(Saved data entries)

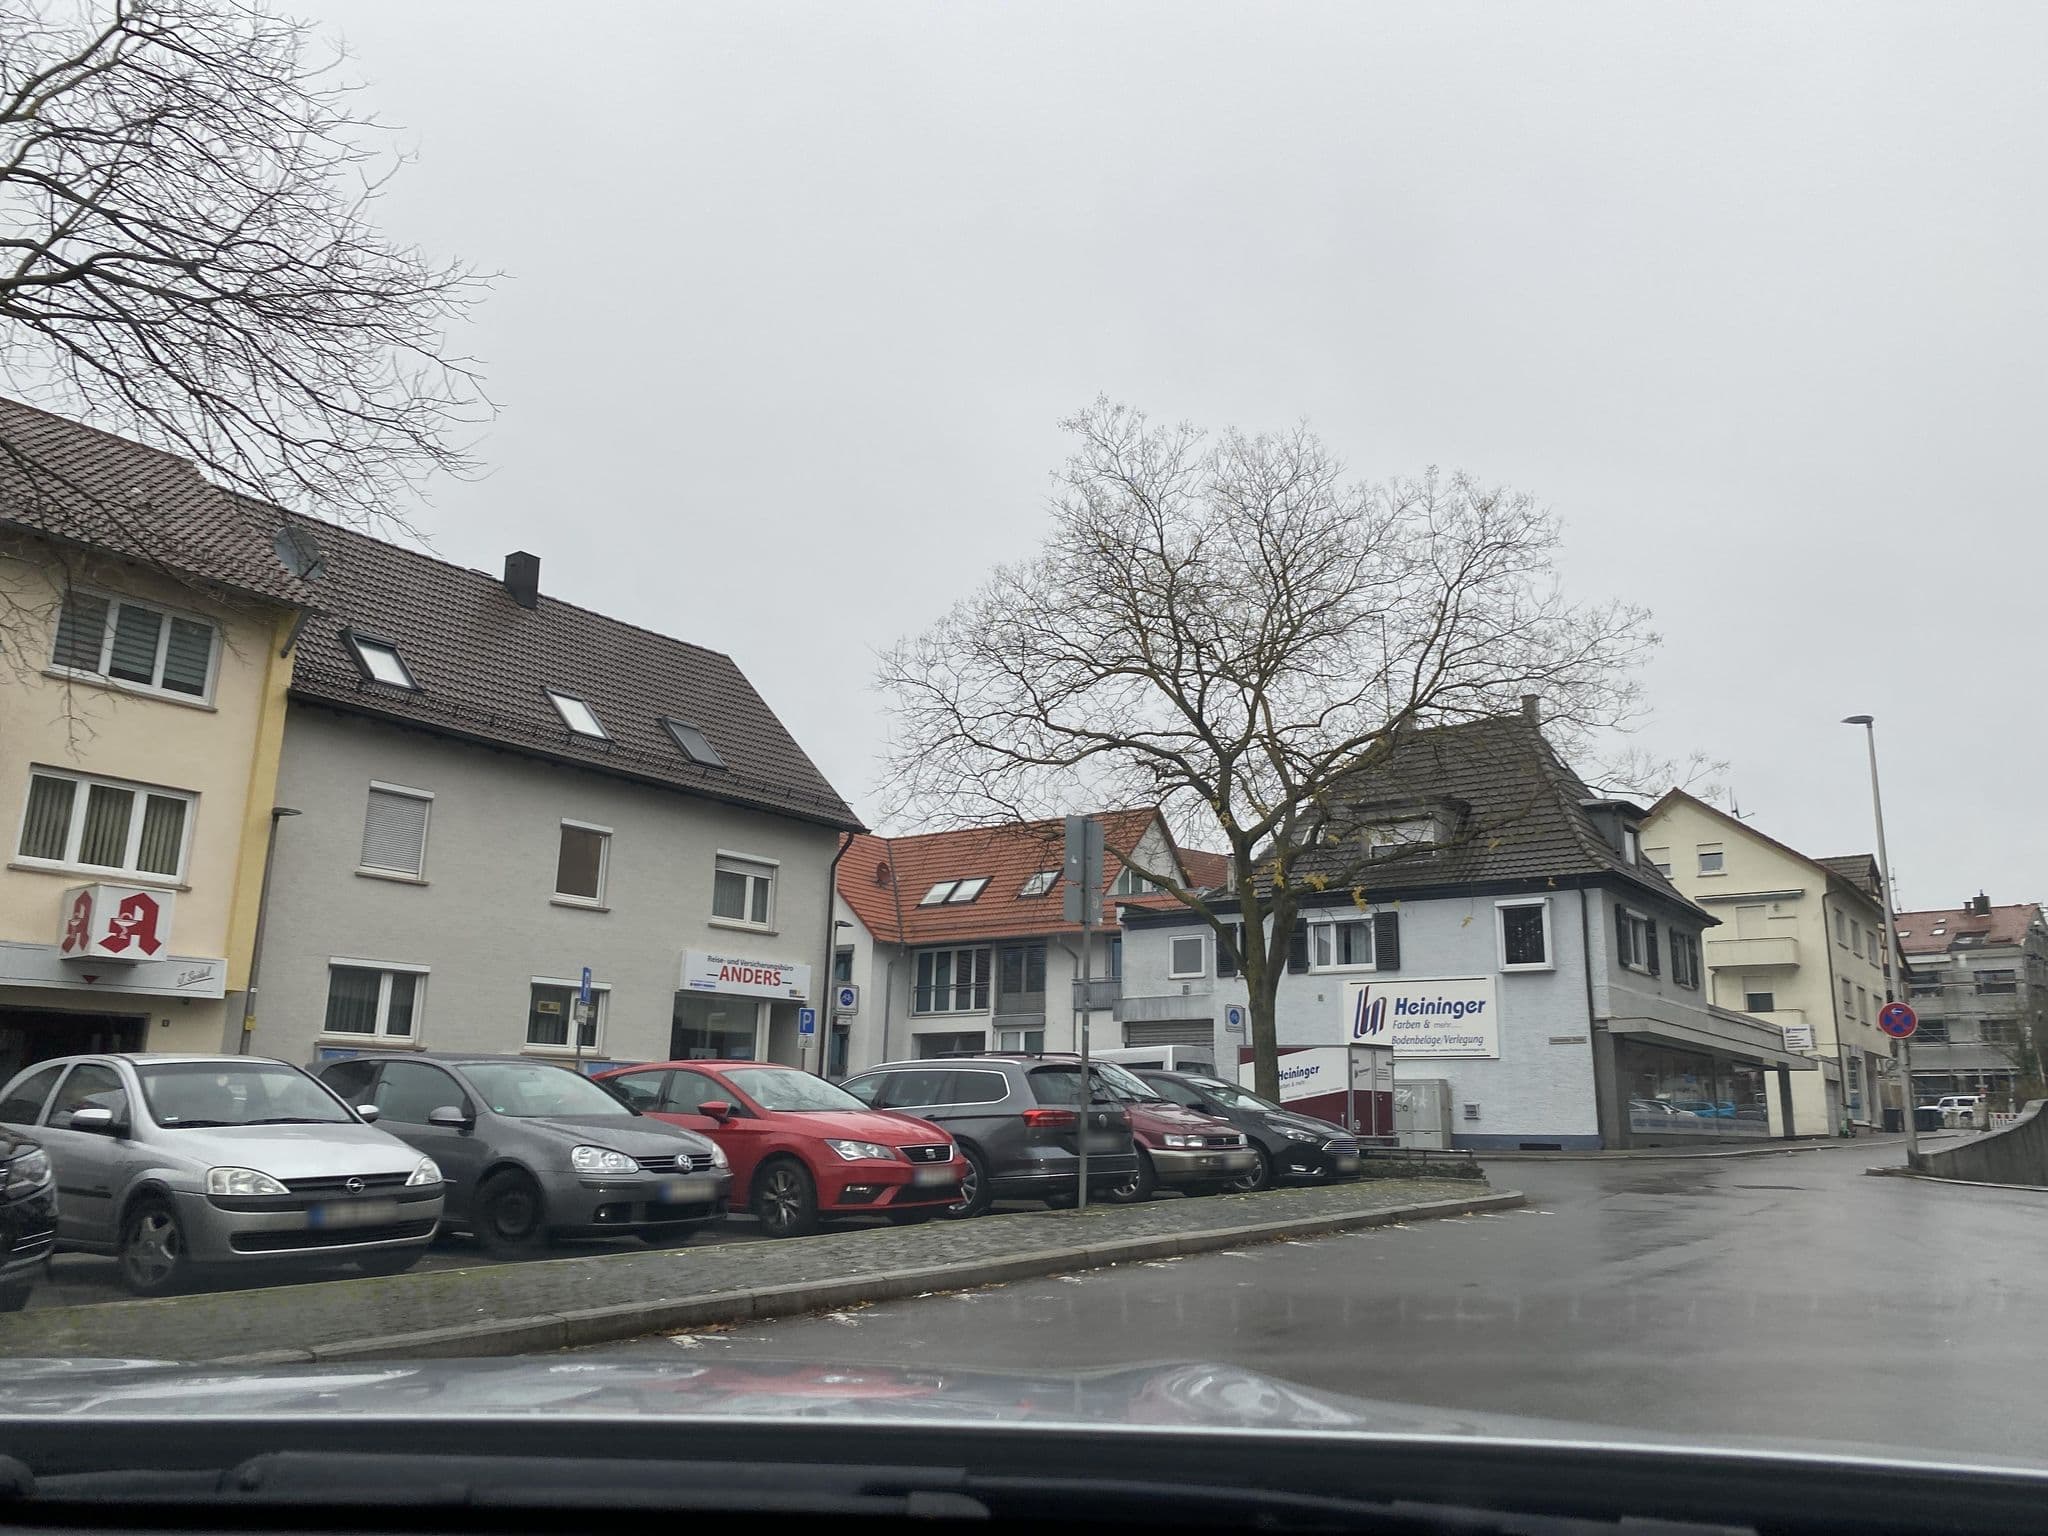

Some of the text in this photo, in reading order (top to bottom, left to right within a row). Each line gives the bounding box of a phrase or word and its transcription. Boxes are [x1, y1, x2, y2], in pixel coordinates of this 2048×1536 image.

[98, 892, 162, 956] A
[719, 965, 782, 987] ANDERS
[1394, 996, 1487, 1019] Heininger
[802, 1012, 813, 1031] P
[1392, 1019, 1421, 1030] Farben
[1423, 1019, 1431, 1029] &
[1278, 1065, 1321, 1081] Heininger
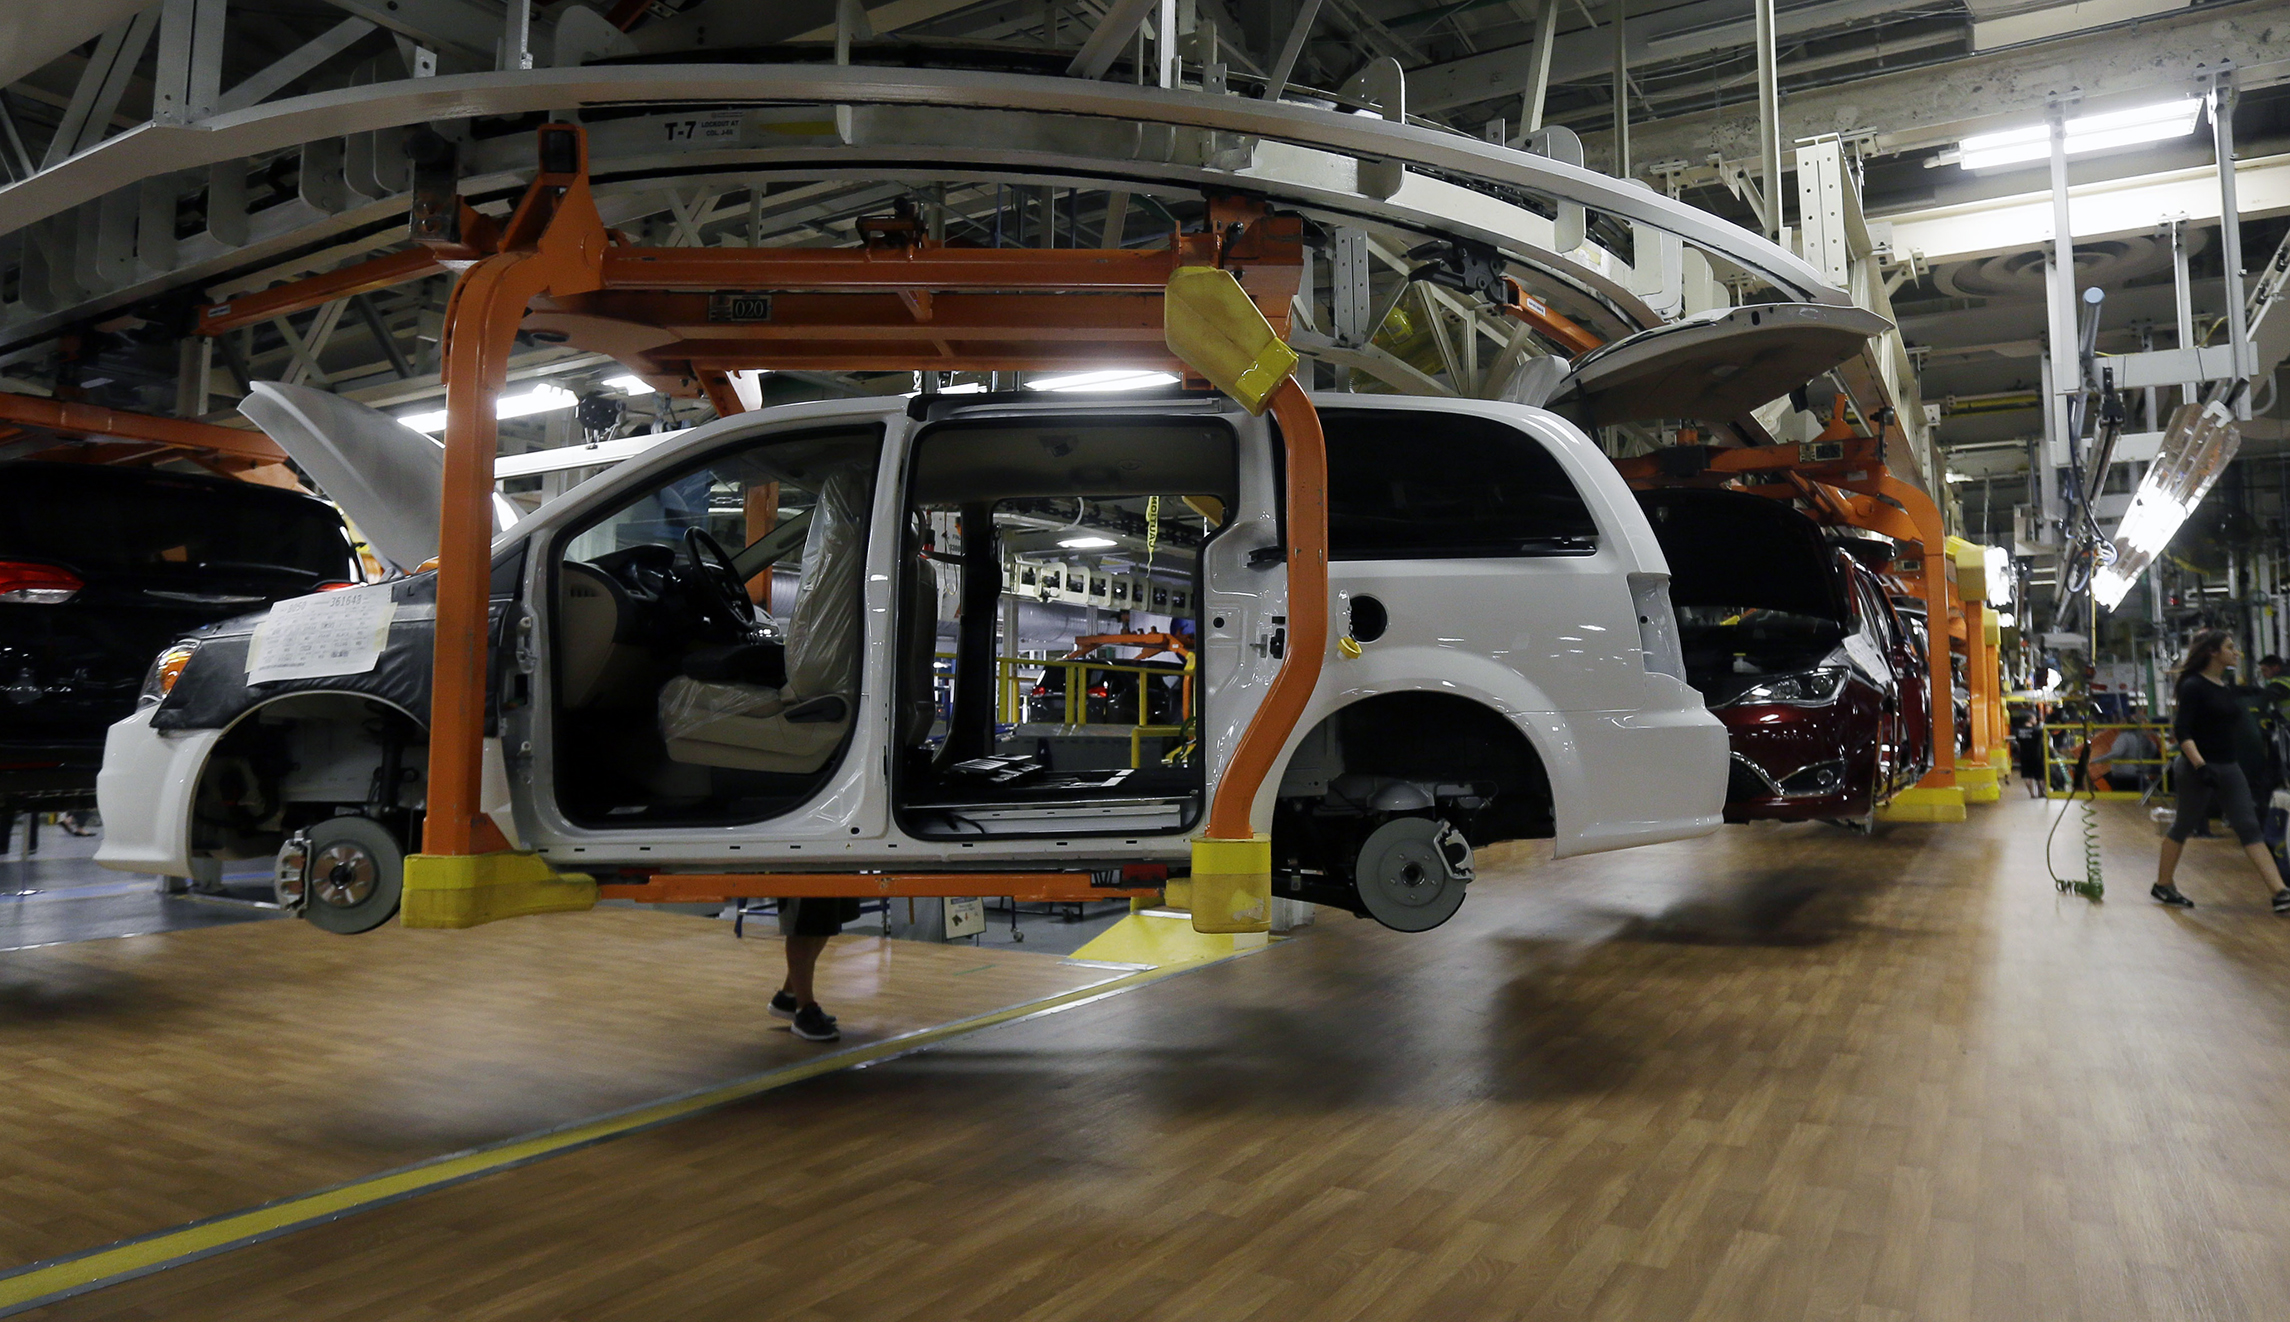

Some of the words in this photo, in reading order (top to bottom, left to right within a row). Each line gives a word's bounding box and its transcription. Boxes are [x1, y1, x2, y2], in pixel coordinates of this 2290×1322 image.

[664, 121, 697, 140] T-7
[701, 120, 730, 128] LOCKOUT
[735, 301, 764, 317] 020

* **WORK TO COMPLETE**
Retype all entries exactly; omit pictures.

* **OUTPUT OF THE EXERCISE**
Some of the text in this photo, in reading order (top to bottom, left to right within a row). Each line gives the bounding box of a phrase or word and its transcription. Boxes are [x1, y1, x2, y2], in pixel coordinates of this 2048×1536 image.

[98, 892, 162, 956] A
[719, 965, 782, 987] ANDERS
[1394, 996, 1487, 1019] Heininger
[802, 1012, 813, 1031] P
[1392, 1019, 1421, 1030] Farben
[1423, 1019, 1431, 1029] &
[1278, 1065, 1321, 1081] Heininger

Some of the words in this photo, in reading order (top to bottom, left to right within a row). Each line gives a word's bounding box and its transcription. Boxes are [x1, y1, x2, y2], in pixel coordinates of this 2290×1322 image.

[664, 121, 697, 140] T-7
[701, 120, 730, 128] LOCKOUT
[735, 301, 764, 317] 020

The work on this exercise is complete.